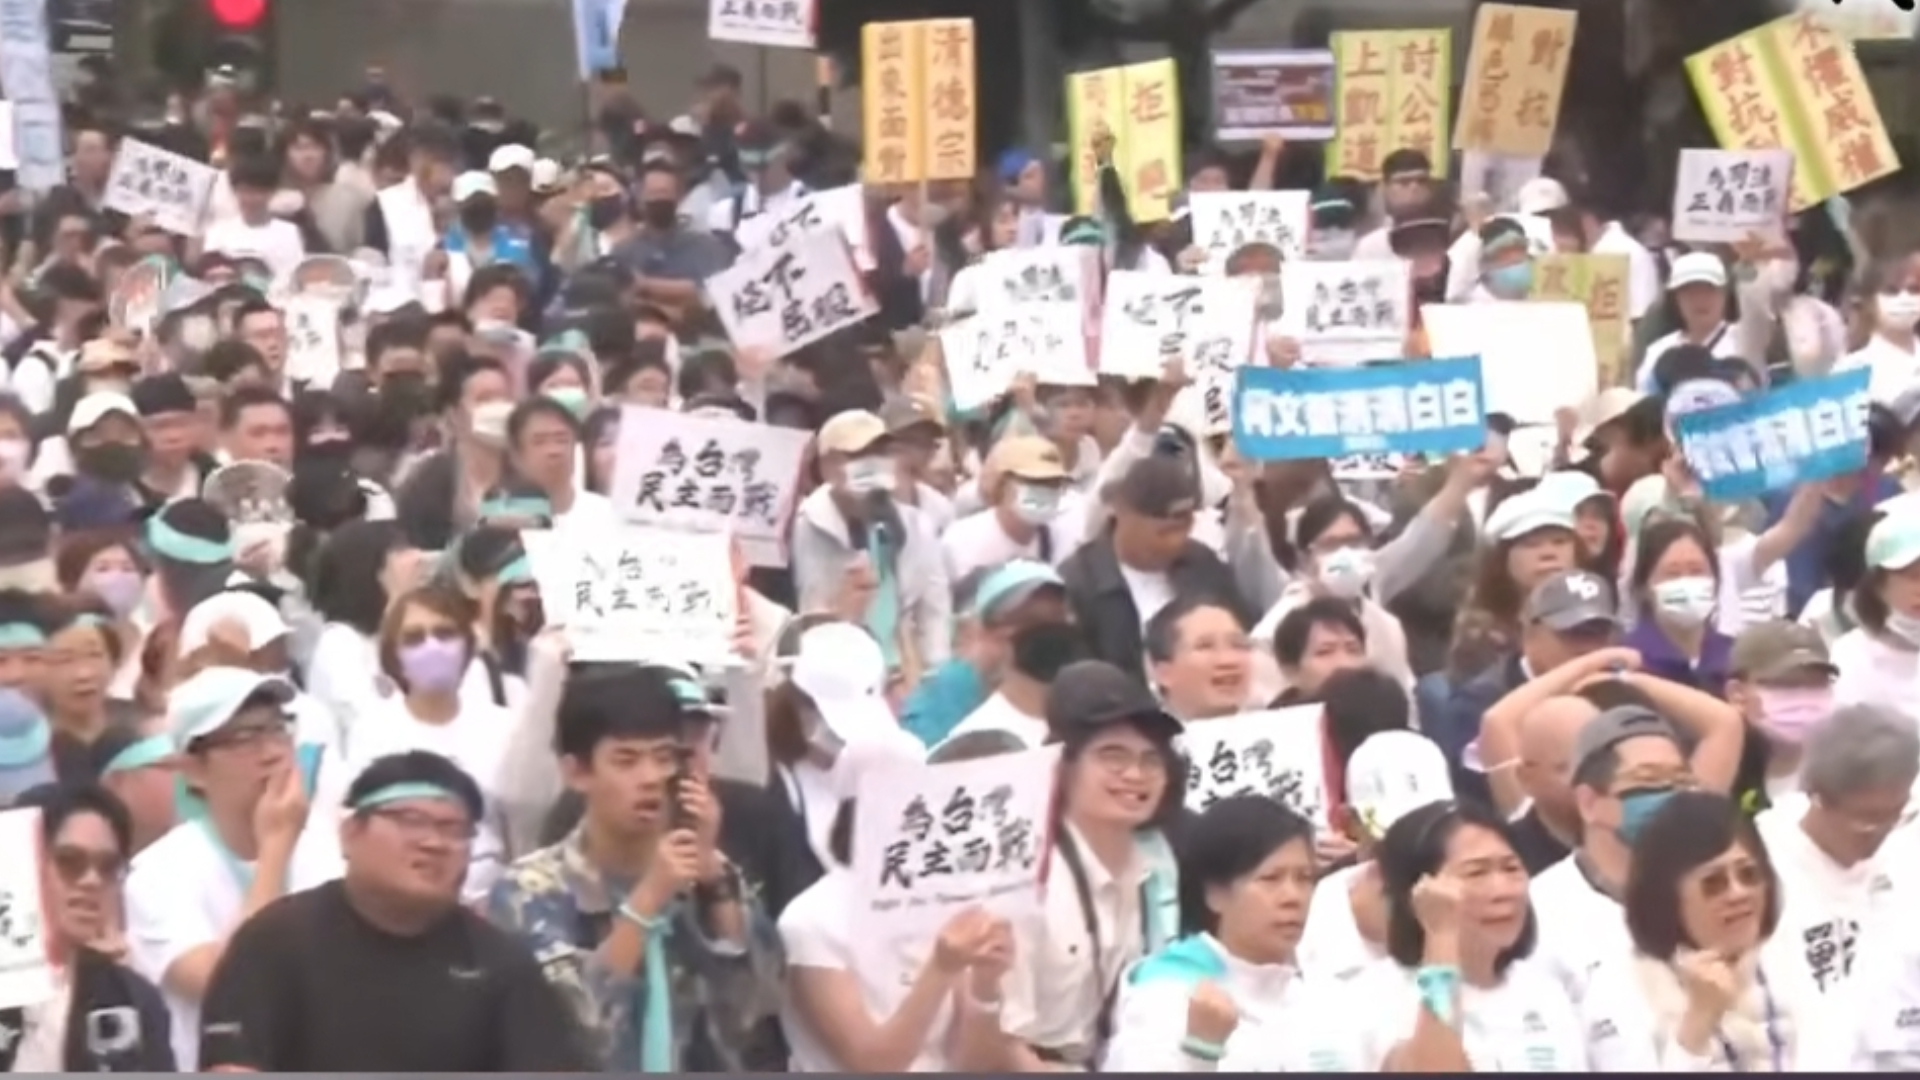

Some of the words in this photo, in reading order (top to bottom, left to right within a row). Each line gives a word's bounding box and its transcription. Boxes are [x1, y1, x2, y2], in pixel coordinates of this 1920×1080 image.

[932, 24, 969, 175] 清德宗
[635, 471, 778, 526] 民主而戰
[900, 785, 1014, 841] 為台灣
[879, 836, 1035, 889] 民主而戰
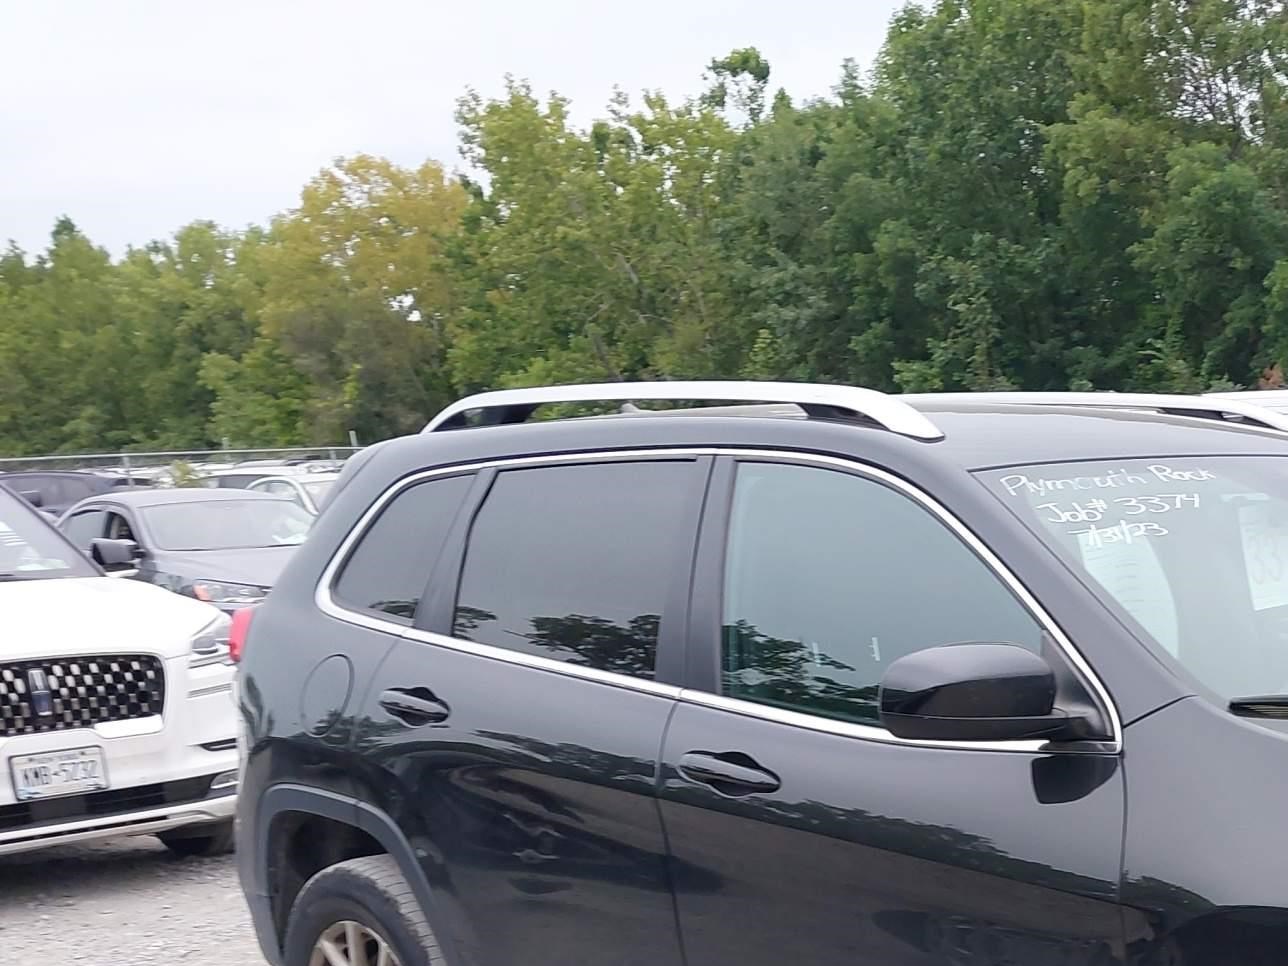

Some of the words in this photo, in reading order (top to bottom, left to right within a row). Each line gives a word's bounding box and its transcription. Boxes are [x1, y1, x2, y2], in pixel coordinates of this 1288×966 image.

PROBLEM DETAILS:
Set the entire listing down again, exact in every line, without any pictures.

WORKED SOLUTION:
Some of the words in this photo, in reading order (top to bottom, left to right within a row). Each line gives a word's bounding box and its transcription. Boxes are [x1, y1, x2, y2], in pixel coordinates of this 1920×1080 image.

[932, 24, 969, 175] 清德宗
[635, 471, 778, 526] 民主而戰
[900, 785, 1014, 841] 為台灣
[879, 836, 1035, 889] 民主而戰

Some of the words in this photo, in reading order (top to bottom, left to right within a row). Each line gives a word's bounding box and its transcription. Boxes are [x1, y1, x2, y2], in pixel coordinates of this 1288×966 image.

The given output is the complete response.